───── ENTRIES SHOWN ─────

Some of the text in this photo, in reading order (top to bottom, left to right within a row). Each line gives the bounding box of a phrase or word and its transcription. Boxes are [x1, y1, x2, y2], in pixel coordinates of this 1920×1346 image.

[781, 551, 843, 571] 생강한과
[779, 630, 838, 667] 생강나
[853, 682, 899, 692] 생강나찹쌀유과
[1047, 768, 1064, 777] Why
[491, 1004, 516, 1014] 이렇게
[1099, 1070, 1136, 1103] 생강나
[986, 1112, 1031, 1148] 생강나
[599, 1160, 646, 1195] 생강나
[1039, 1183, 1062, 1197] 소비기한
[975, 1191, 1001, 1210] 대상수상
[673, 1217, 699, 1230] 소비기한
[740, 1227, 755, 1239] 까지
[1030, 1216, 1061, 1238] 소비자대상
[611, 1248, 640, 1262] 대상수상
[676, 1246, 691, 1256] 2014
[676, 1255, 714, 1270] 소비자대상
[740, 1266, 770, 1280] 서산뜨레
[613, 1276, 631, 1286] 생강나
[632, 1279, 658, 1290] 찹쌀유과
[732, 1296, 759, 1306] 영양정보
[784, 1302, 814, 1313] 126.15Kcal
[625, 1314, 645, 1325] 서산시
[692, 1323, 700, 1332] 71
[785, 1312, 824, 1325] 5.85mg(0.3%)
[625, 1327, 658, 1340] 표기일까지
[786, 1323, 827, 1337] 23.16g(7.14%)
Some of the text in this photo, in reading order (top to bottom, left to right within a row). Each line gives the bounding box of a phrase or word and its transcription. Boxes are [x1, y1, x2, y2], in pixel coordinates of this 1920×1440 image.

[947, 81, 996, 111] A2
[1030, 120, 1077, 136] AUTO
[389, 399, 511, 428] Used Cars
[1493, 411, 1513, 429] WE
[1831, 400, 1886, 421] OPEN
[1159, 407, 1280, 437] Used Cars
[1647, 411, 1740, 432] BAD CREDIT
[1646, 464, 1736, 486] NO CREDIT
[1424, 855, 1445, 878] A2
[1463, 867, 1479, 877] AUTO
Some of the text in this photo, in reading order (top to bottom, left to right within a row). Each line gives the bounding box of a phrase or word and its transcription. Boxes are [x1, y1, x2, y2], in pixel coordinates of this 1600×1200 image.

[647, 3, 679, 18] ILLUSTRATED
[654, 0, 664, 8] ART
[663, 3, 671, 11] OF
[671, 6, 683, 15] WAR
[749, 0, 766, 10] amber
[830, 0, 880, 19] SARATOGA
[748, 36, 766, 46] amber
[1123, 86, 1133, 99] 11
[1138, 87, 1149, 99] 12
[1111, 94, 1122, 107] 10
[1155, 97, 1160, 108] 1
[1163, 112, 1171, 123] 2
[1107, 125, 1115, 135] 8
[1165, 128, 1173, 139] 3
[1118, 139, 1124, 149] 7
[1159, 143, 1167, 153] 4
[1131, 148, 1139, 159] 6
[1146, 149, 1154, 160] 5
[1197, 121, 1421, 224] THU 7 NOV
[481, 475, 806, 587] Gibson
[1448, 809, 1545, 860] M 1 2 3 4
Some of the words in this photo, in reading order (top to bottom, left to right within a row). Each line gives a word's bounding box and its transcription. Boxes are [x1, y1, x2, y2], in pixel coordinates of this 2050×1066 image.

─────

#### [EXERCISE DETAILS]
Could you copy out every record above exactly as it appears?

#### [TASK OUTPUT]
Some of the text in this photo, in reading order (top to bottom, left to right within a row). Each line gives the bounding box of a phrase or word and its transcription. Boxes are [x1, y1, x2, y2], in pixel coordinates of this 1920×1346 image.

[781, 551, 843, 571] 생강한과
[779, 630, 838, 667] 생강나
[853, 682, 899, 692] 생강나찹쌀유과
[1047, 768, 1064, 777] Why
[491, 1004, 516, 1014] 이렇게
[1099, 1070, 1136, 1103] 생강나
[986, 1112, 1031, 1148] 생강나
[599, 1160, 646, 1195] 생강나
[1039, 1183, 1062, 1197] 소비기한
[975, 1191, 1001, 1210] 대상수상
[673, 1217, 699, 1230] 소비기한
[740, 1227, 755, 1239] 까지
[1030, 1216, 1061, 1238] 소비자대상
[611, 1248, 640, 1262] 대상수상
[676, 1246, 691, 1256] 2014
[676, 1255, 714, 1270] 소비자대상
[740, 1266, 770, 1280] 서산뜨레
[613, 1276, 631, 1286] 생강나
[632, 1279, 658, 1290] 찹쌀유과
[732, 1296, 759, 1306] 영양정보
[784, 1302, 814, 1313] 126.15Kcal
[625, 1314, 645, 1325] 서산시
[692, 1323, 700, 1332] 71
[785, 1312, 824, 1325] 5.85mg(0.3%)
[625, 1327, 658, 1340] 표기일까지
[786, 1323, 827, 1337] 23.16g(7.14%)
Some of the text in this photo, in reading order (top to bottom, left to right within a row). Each line gives the bounding box of a phrase or word and its transcription. Boxes are [x1, y1, x2, y2], in pixel coordinates of this 1920×1440 image.

[947, 81, 996, 111] A2
[1030, 120, 1077, 136] AUTO
[389, 399, 511, 428] Used Cars
[1493, 411, 1513, 429] WE
[1831, 400, 1886, 421] OPEN
[1159, 407, 1280, 437] Used Cars
[1647, 411, 1740, 432] BAD CREDIT
[1646, 464, 1736, 486] NO CREDIT
[1424, 855, 1445, 878] A2
[1463, 867, 1479, 877] AUTO
Some of the text in this photo, in reading order (top to bottom, left to right within a row). Each line gives the bounding box of a phrase or word and its transcription. Boxes are [x1, y1, x2, y2], in pixel coordinates of this 1600×1200 image.

[647, 3, 679, 18] ILLUSTRATED
[654, 0, 664, 8] ART
[663, 3, 671, 11] OF
[671, 6, 683, 15] WAR
[749, 0, 766, 10] amber
[830, 0, 880, 19] SARATOGA
[748, 36, 766, 46] amber
[1123, 86, 1133, 99] 11
[1138, 87, 1149, 99] 12
[1111, 94, 1122, 107] 10
[1155, 97, 1160, 108] 1
[1163, 112, 1171, 123] 2
[1107, 125, 1115, 135] 8
[1165, 128, 1173, 139] 3
[1118, 139, 1124, 149] 7
[1159, 143, 1167, 153] 4
[1131, 148, 1139, 159] 6
[1146, 149, 1154, 160] 5
[1197, 121, 1421, 224] THU 7 NOV
[481, 475, 806, 587] Gibson
[1448, 809, 1545, 860] M 1 2 3 4
Some of the words in this photo, in reading order (top to bottom, left to right within a row). Each line gives a word's bounding box and its transcription. Boxes are [x1, y1, x2, y2], in pixel coordinates of this 2050×1066 image.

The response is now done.